**Exercise**
Transcribe the data that follows in full. Leave out the pictures.

Text-to-region grounding data
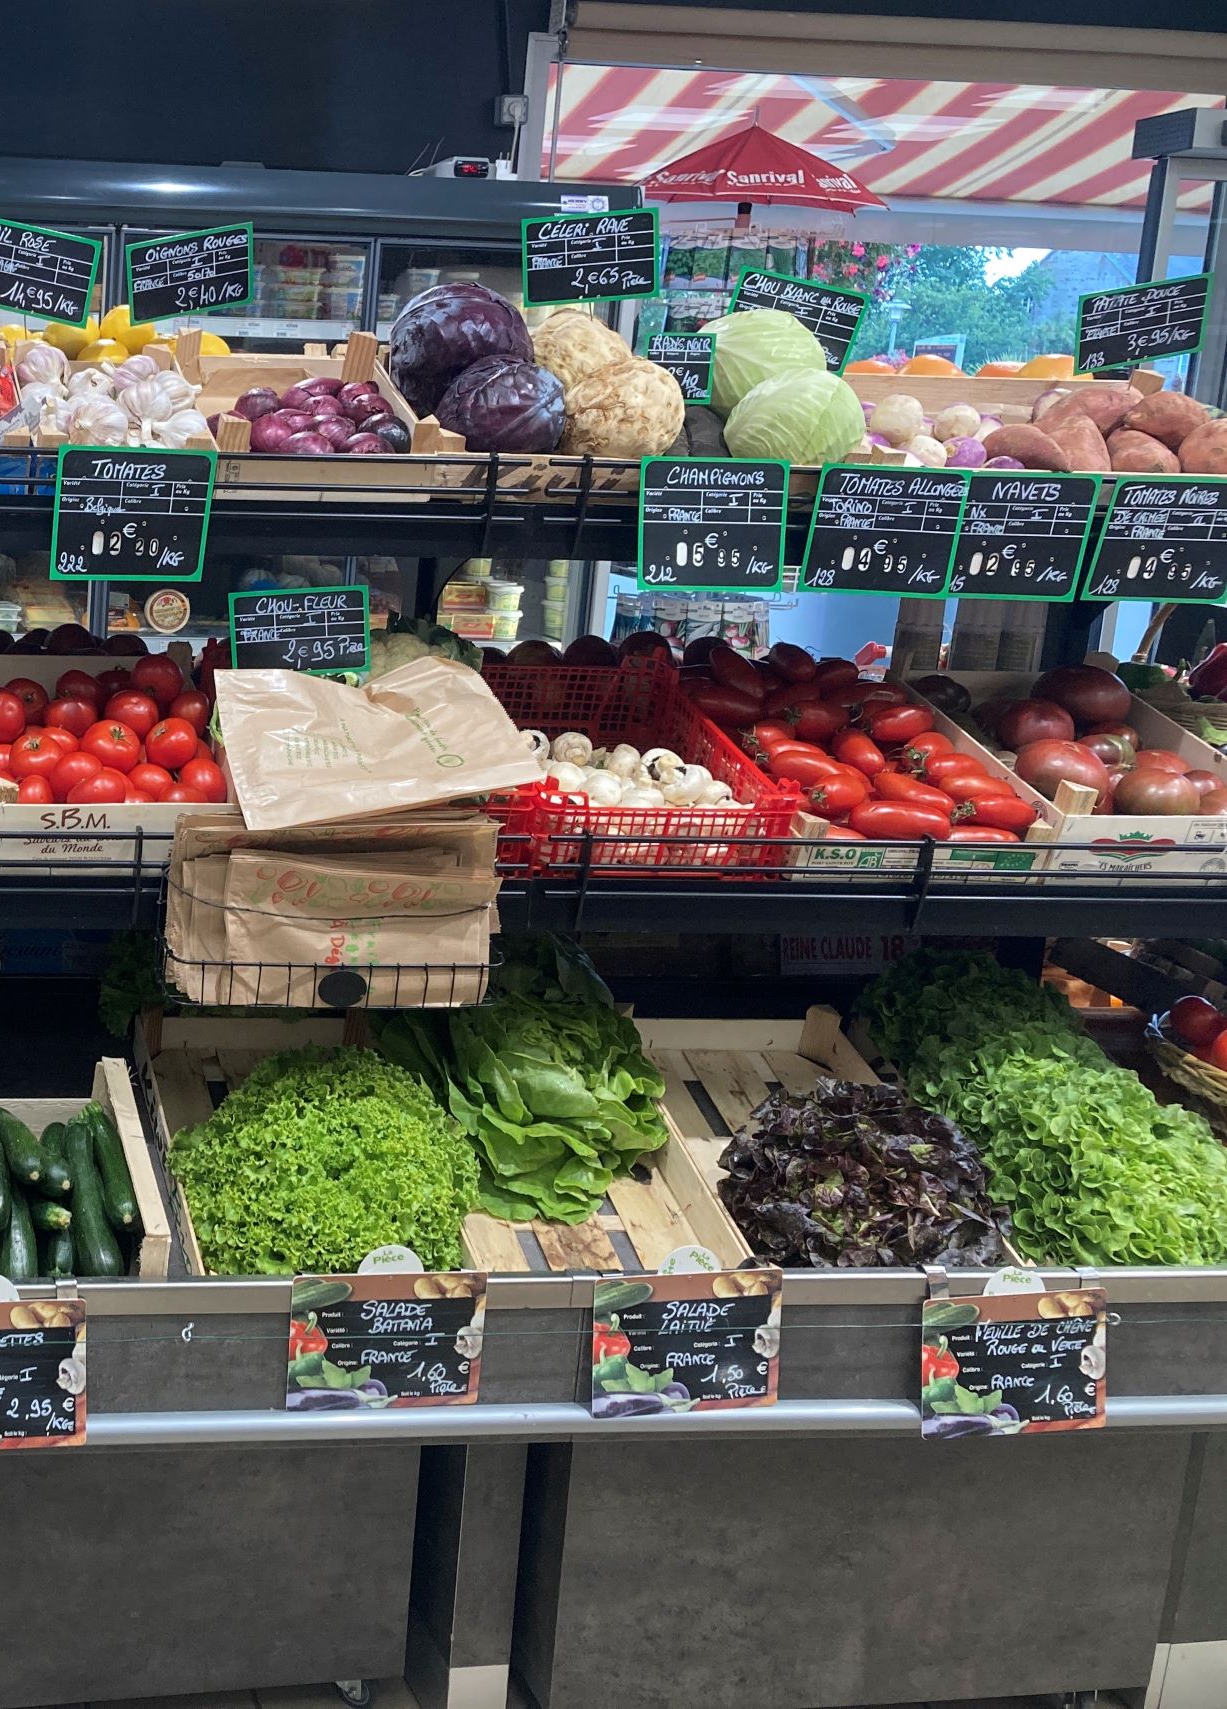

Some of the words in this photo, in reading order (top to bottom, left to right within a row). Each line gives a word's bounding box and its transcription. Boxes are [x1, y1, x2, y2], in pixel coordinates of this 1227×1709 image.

[727, 170, 805, 186] Sanrival
[596, 217, 633, 234] RAVE
[20, 232, 56, 251] ROSE
[204, 234, 248, 251] ROUGES
[743, 274, 781, 294] CHOU
[781, 283, 820, 303] BLANC
[831, 297, 864, 315] ROUGE
[1145, 285, 1186, 301] DOUCE
[1080, 352, 1105, 370] 133
[92, 459, 166, 480] TOMATES
[840, 474, 904, 495] TOMATES
[992, 482, 1062, 500] NAVETS
[1124, 485, 1177, 505] TOMATES
[58, 552, 87, 572] 222
[645, 565, 677, 583] 212
[805, 568, 835, 586] 128
[1089, 575, 1119, 594] 128
[41, 808, 111, 830] S.B.M.
[41, 846, 55, 854] du
[63, 844, 103, 853] Monde
[782, 936, 817, 960] REINE
[821, 936, 872, 960] CLAUDE
[373, 1253, 404, 1264] Pièce
[361, 1301, 432, 1319] SALADE
[662, 1302, 735, 1319] SALADE
[1027, 1324, 1048, 1338] DE
[986, 1340, 1028, 1356] ROUGE
[1051, 1337, 1086, 1352] VERTE
[360, 1350, 418, 1365] FRANCE
[666, 1352, 716, 1367] FRANCE
[991, 1374, 1035, 1389] FRANCE
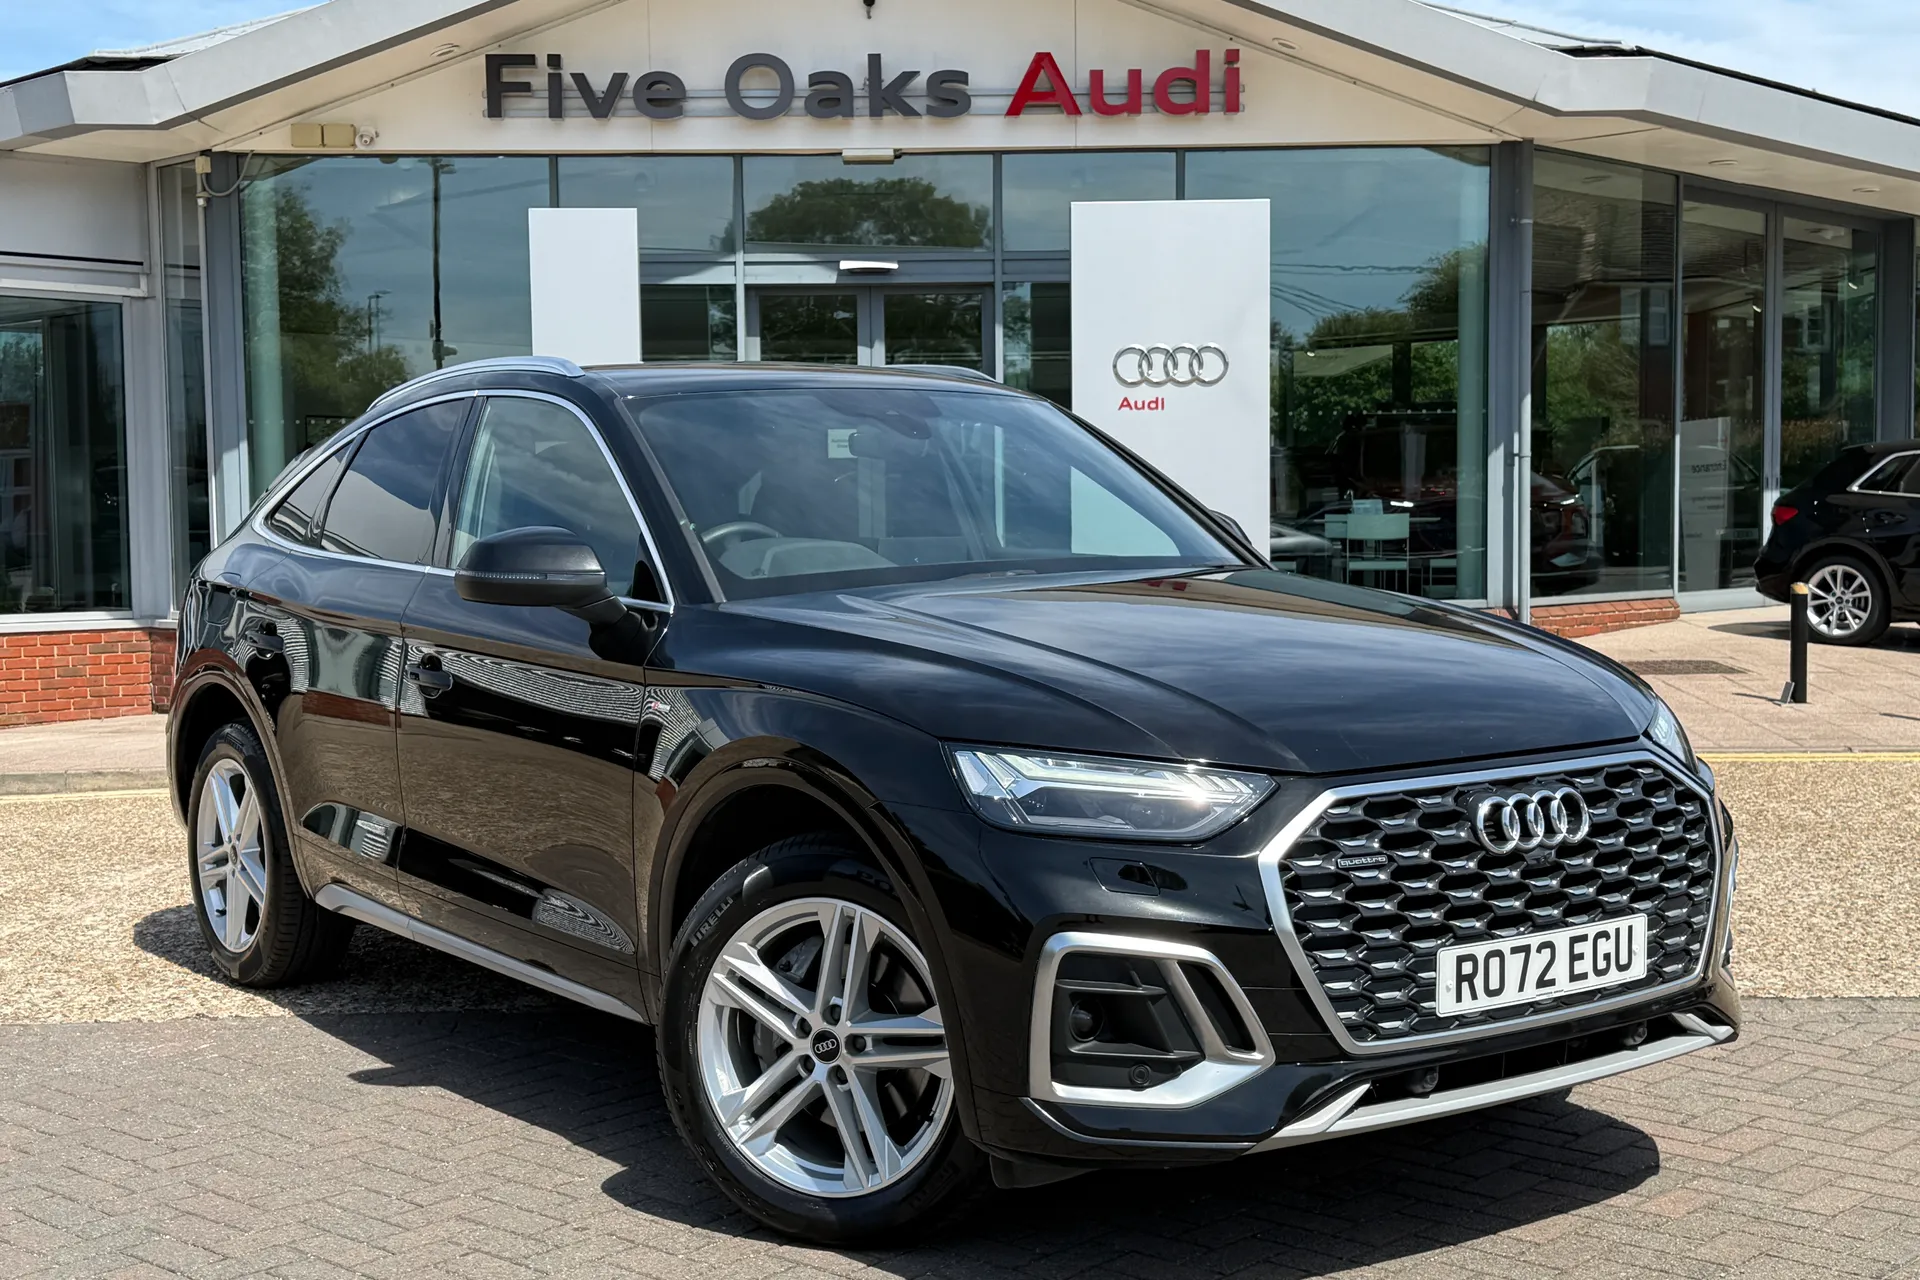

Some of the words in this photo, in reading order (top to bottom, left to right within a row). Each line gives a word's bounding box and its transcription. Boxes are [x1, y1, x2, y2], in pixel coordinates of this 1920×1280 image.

[485, 53, 686, 120] Five
[724, 52, 972, 121] Oaks
[1004, 48, 1241, 119] Audi
[1117, 396, 1165, 411] Audi
[1340, 856, 1386, 867] quattro
[1455, 940, 1557, 1004] RO72
[1568, 924, 1634, 984] EGU
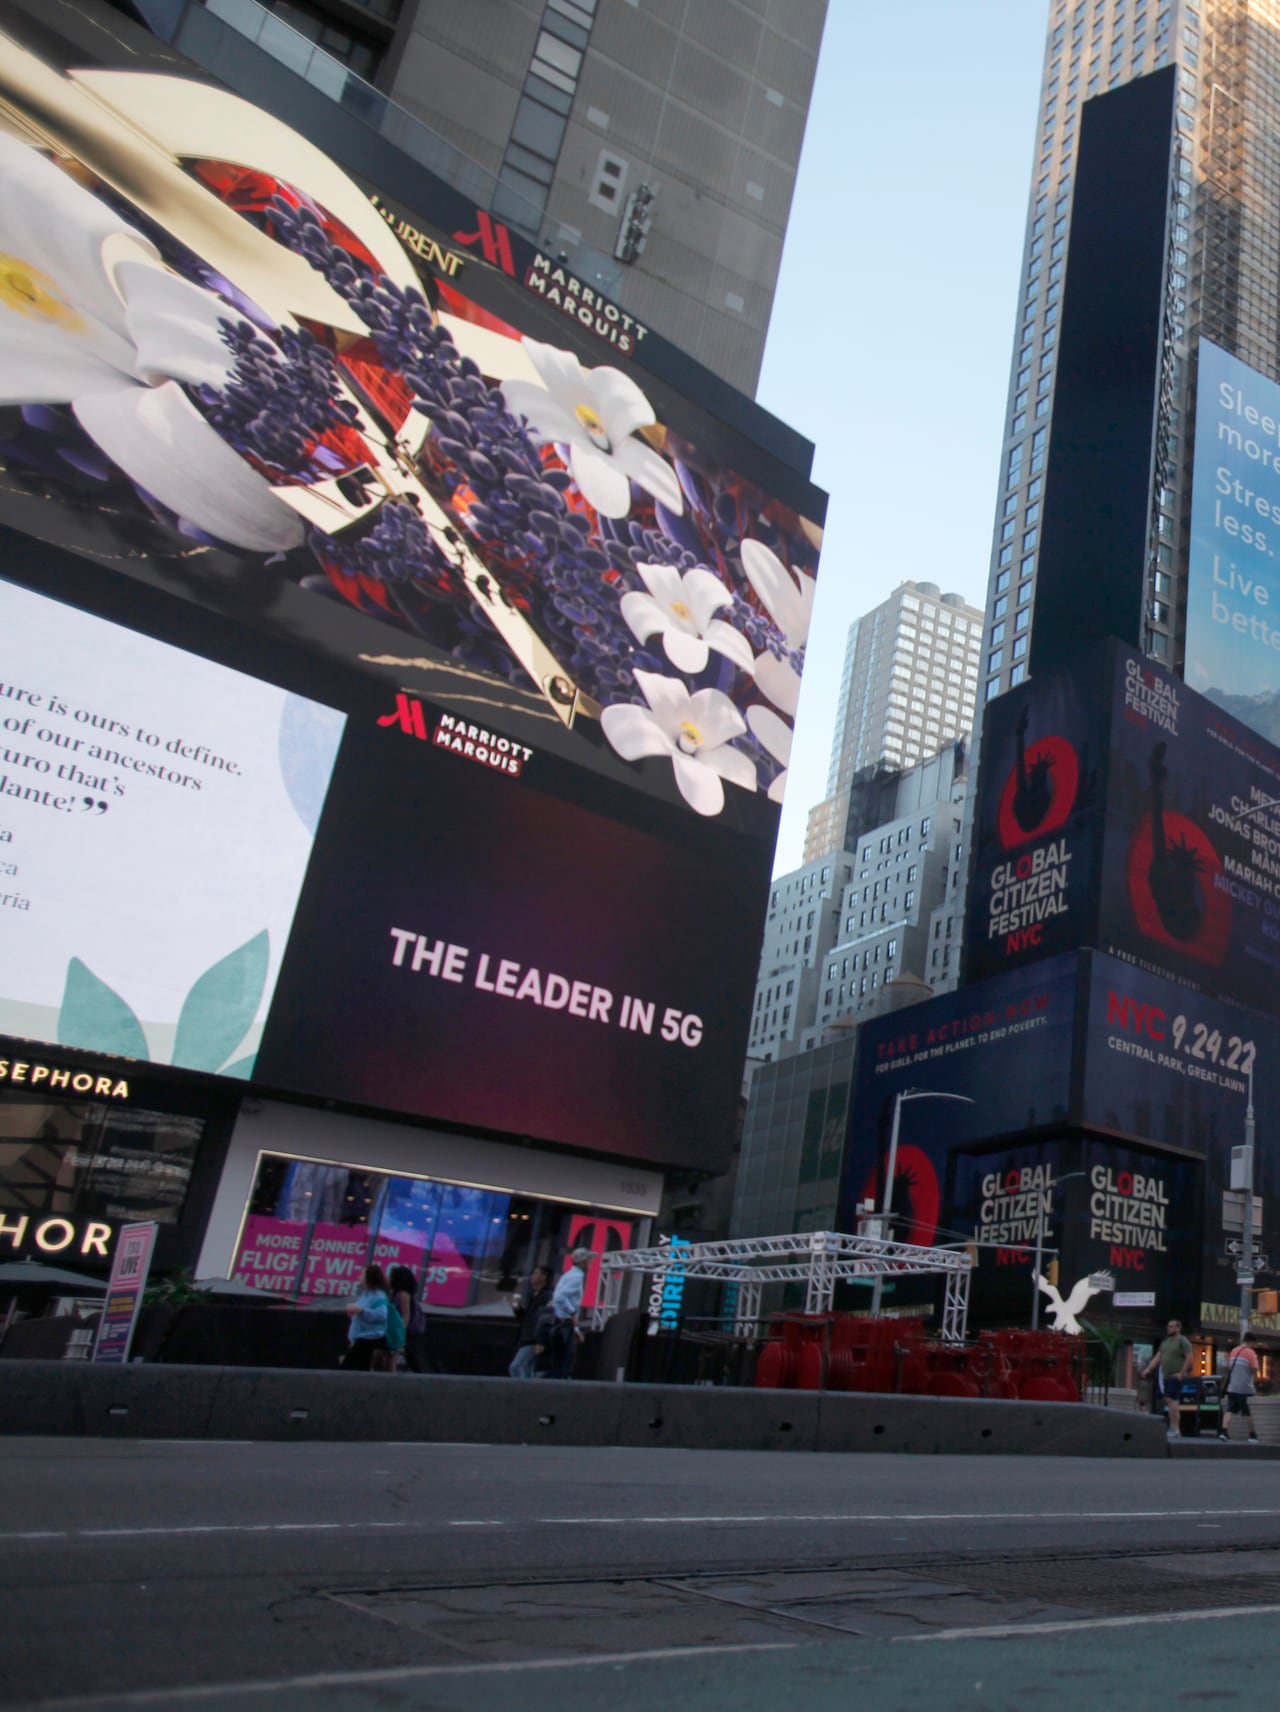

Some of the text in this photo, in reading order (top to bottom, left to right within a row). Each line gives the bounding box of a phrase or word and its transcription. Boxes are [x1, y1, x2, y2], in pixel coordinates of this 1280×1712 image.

**Solution for this problem**
Some of the words in this photo, in reading order (top to bottom, left to right within a row). Each line gives a word's bounding box and its transcription. Boxes are [x1, y1, x2, y2], in pixel coordinates of this 1227×1709 image.

[727, 170, 805, 186] Sanrival
[596, 217, 633, 234] RAVE
[20, 232, 56, 251] ROSE
[204, 234, 248, 251] ROUGES
[743, 274, 781, 294] CHOU
[781, 283, 820, 303] BLANC
[831, 297, 864, 315] ROUGE
[1145, 285, 1186, 301] DOUCE
[1080, 352, 1105, 370] 133
[92, 459, 166, 480] TOMATES
[840, 474, 904, 495] TOMATES
[992, 482, 1062, 500] NAVETS
[1124, 485, 1177, 505] TOMATES
[58, 552, 87, 572] 222
[645, 565, 677, 583] 212
[805, 568, 835, 586] 128
[1089, 575, 1119, 594] 128
[41, 808, 111, 830] S.B.M.
[41, 846, 55, 854] du
[63, 844, 103, 853] Monde
[782, 936, 817, 960] REINE
[821, 936, 872, 960] CLAUDE
[373, 1253, 404, 1264] Pièce
[361, 1301, 432, 1319] SALADE
[662, 1302, 735, 1319] SALADE
[1027, 1324, 1048, 1338] DE
[986, 1340, 1028, 1356] ROUGE
[1051, 1337, 1086, 1352] VERTE
[360, 1350, 418, 1365] FRANCE
[666, 1352, 716, 1367] FRANCE
[991, 1374, 1035, 1389] FRANCE

Some of the words in this photo, in reading order (top to bottom, left to right within a row). Each line gives a word's bounding box and its transcription. Boxes are [x1, y1, x2, y2], in pixel coordinates of this 1920×1280 image.

[485, 53, 686, 120] Five
[724, 52, 972, 121] Oaks
[1004, 48, 1241, 119] Audi
[1117, 396, 1165, 411] Audi
[1340, 856, 1386, 867] quattro
[1455, 940, 1557, 1004] RO72
[1568, 924, 1634, 984] EGU

Some of the text in this photo, in reading order (top to bottom, left to right within a row). Each line gives the bounding box of a phrase or word and its transcription. Boxes are [x1, y1, x2, y2], in pixel coordinates of this 1280×1712 image.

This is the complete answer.